30's movies marathon - part 21

Dead End (1937, USA) - Excellent drama about street kids in a poor New York neigbourhood. Smart and unsentimental, with great performances by the kids, and a fine supporting job by Humphrey Bogart as a bitter gangster. Watched it all.

Snow White and the Seven Dwarfs (1937, USA) - You know, I find it hard to believe that Snow White and the queen are the two most beautiful women in the kingdom. It's .. unlikely, and not borne out by the visual evidence. The movie looks great for its time, but the story is stupid, full of cute animals and cute songs - in other words a typical braindead FX movie. (Besides, I think this is how it really happened.) Watched: 27 minutes.

Love From a Stranger (1937, UK) - Another terrible British movie. Watched: 6 minutes.

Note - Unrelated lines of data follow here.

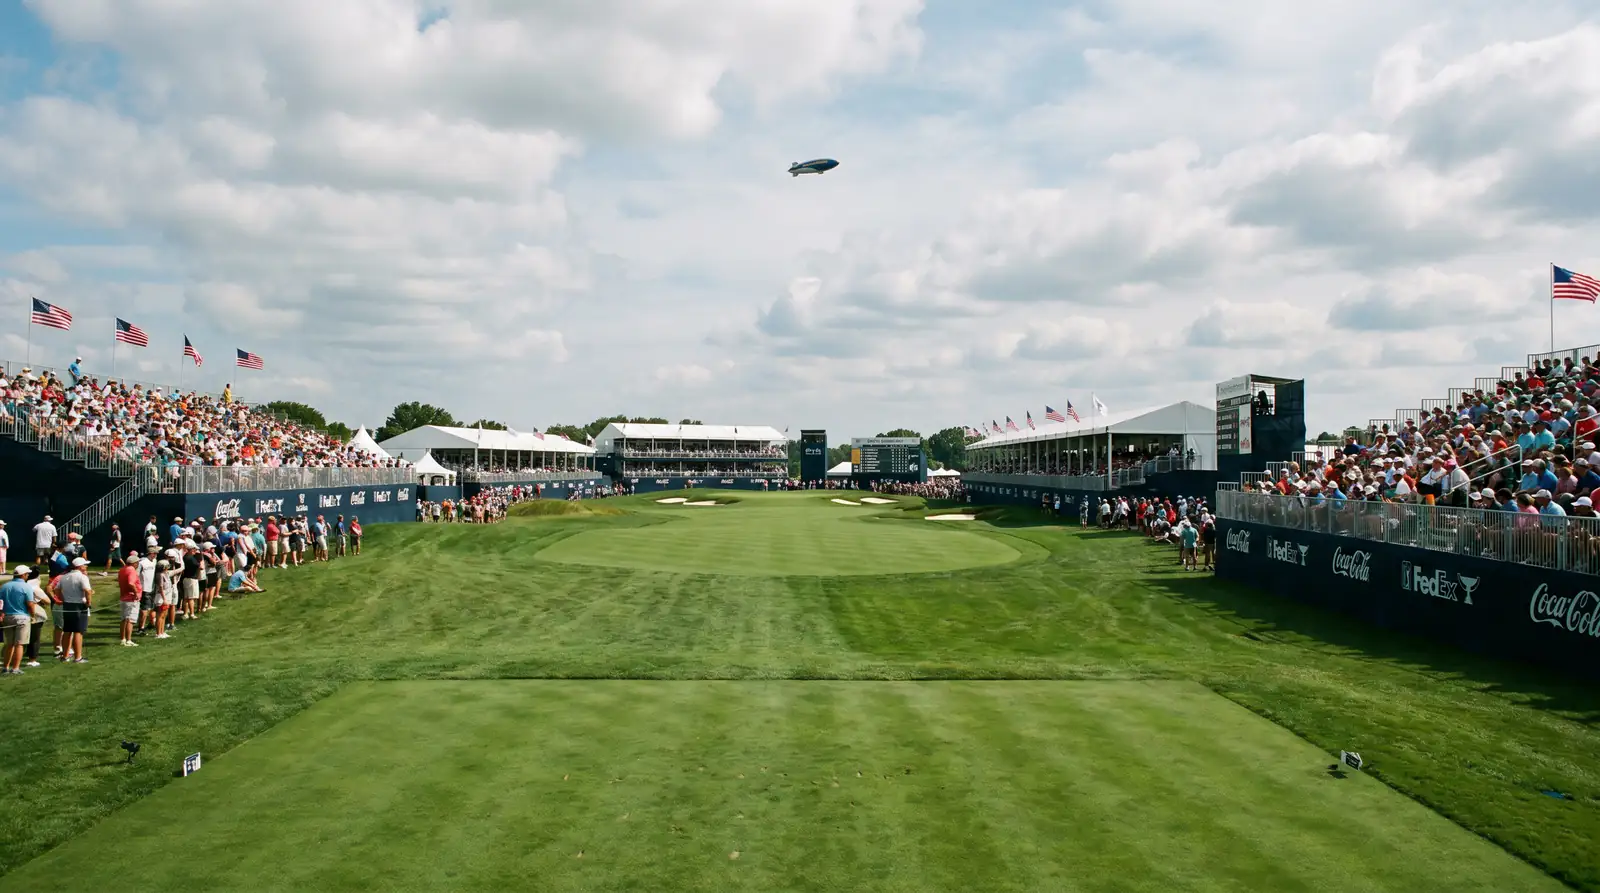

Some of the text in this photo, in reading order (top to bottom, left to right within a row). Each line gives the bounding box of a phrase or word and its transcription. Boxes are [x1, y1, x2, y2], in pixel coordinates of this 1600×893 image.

[1226, 527, 1250, 553] Coca-Cola
[1273, 539, 1298, 564] FedEx
[1332, 546, 1372, 582] Coca-Cola
[1413, 565, 1458, 601] FedEx
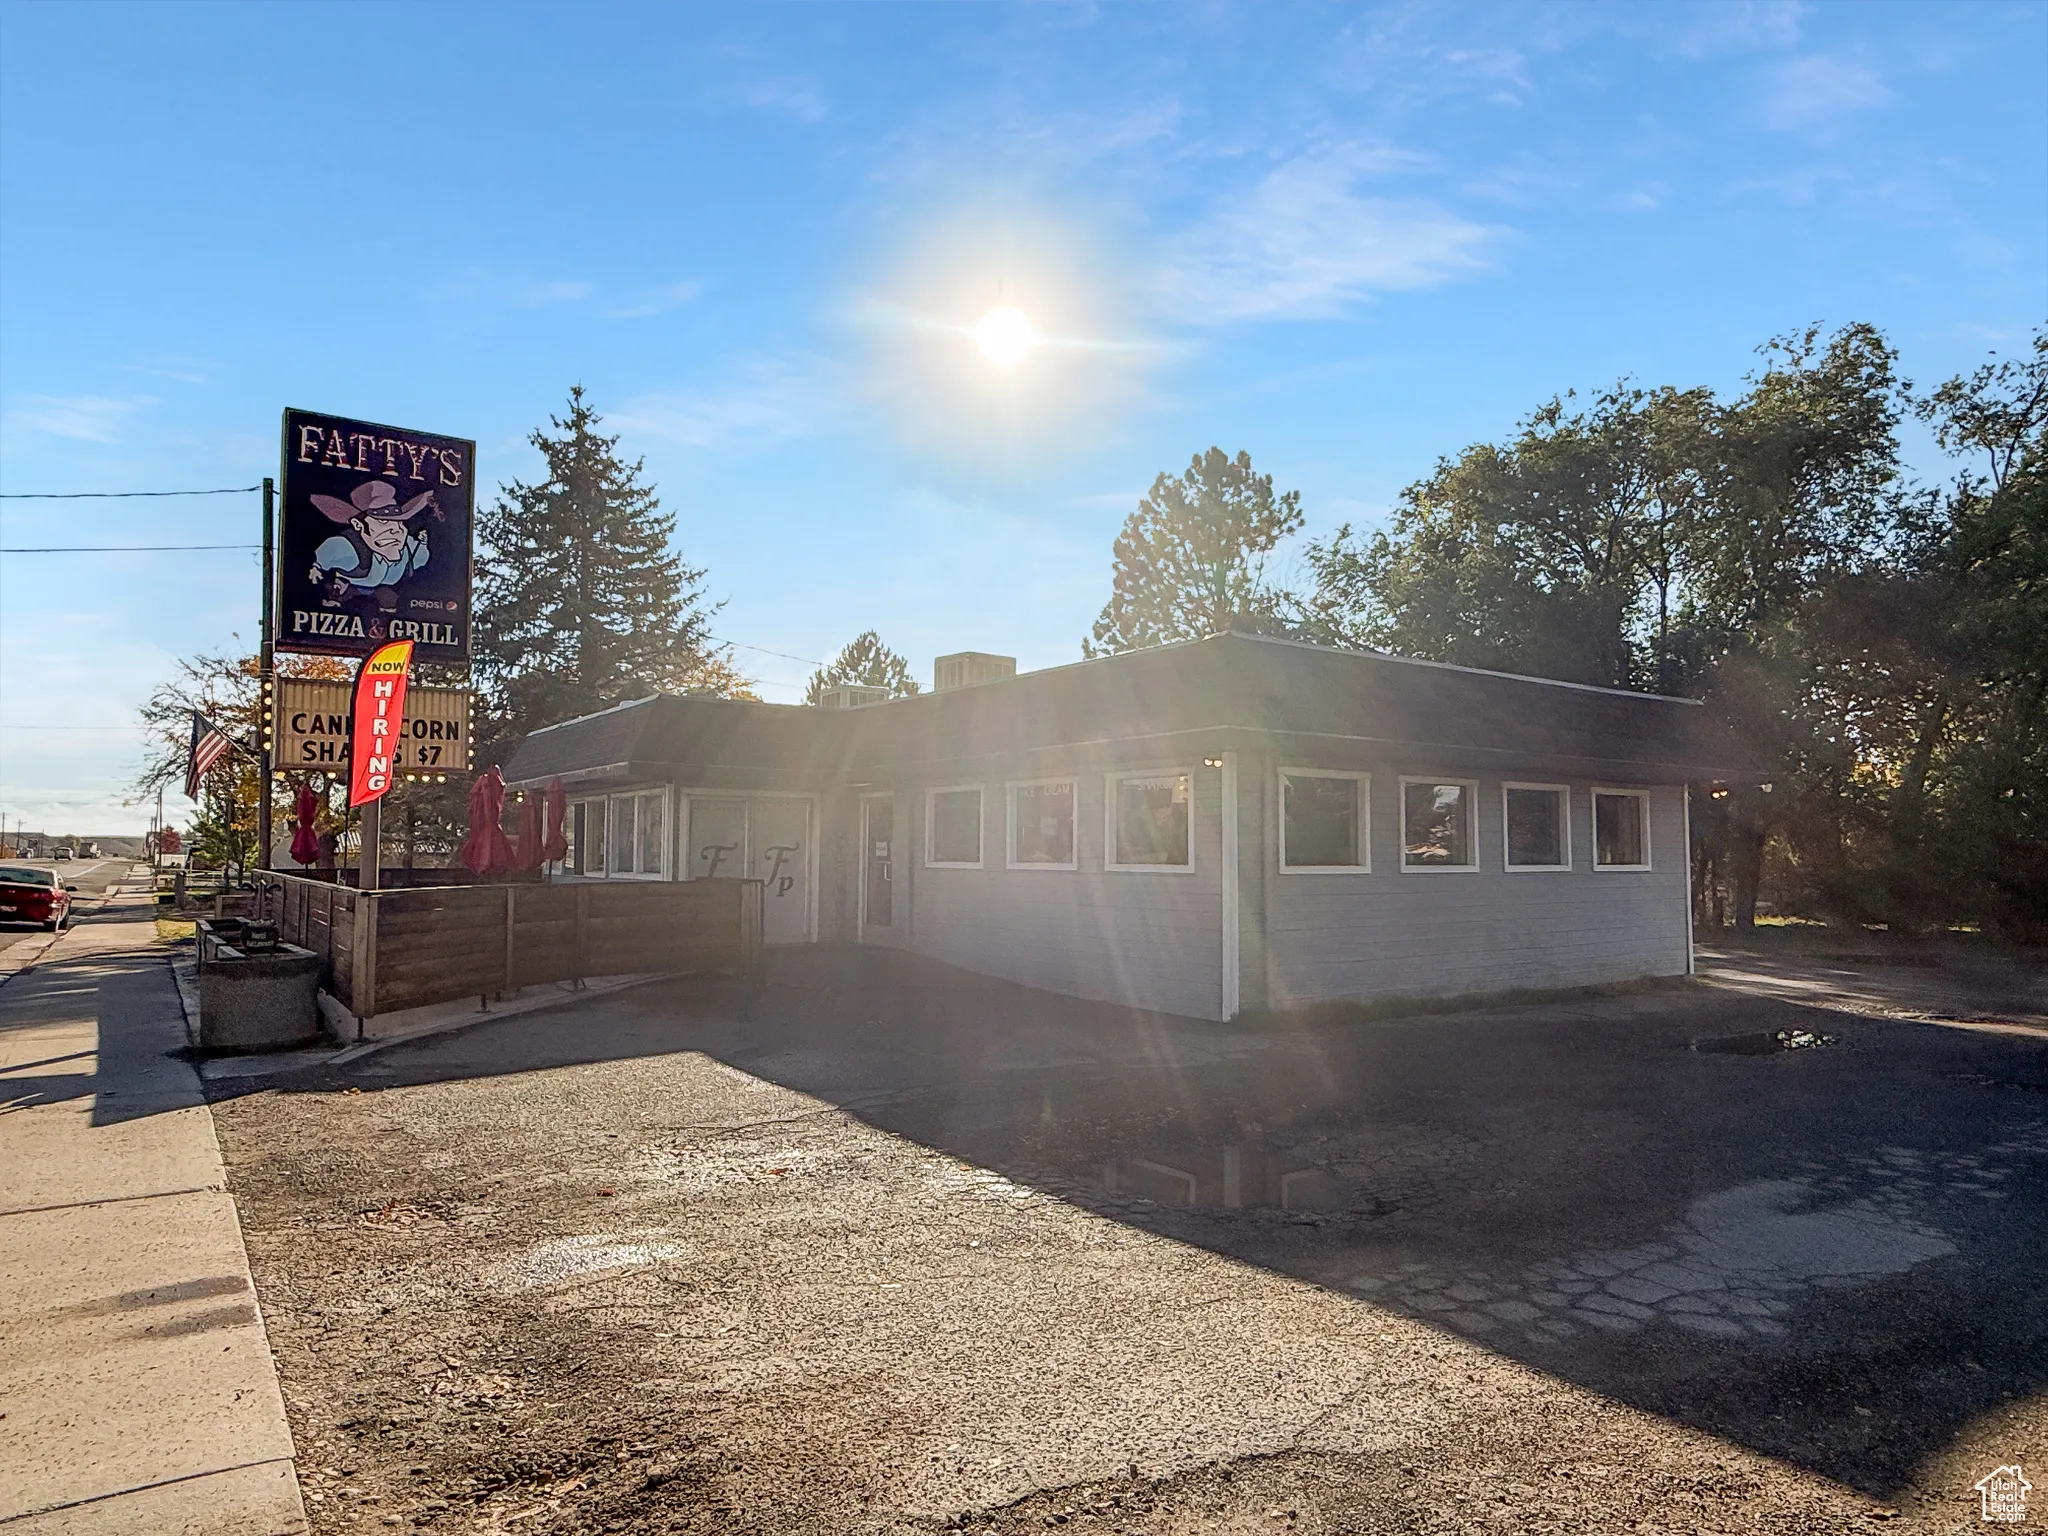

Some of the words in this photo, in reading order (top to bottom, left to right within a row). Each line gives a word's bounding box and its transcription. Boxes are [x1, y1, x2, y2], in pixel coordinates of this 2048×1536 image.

Souls at Sea (1937, USA) - Gary Cooper isn't the right actor to play a slave trader, even one with a conscience. Watched: 19 minutes.

Stella Dallas (1937, USA) - Character drama that feels too much like a novel. Watched: 17 minutes.

The Last Gangster
(1937, USA) - Is that a promise? Good enough, but I've seen it all before. Watched: 15 minutes.

Lost Horizon (1937, USA) - Silly but well-made oriental adventure with something of a Spielberg flair. Watched: 37 minutes.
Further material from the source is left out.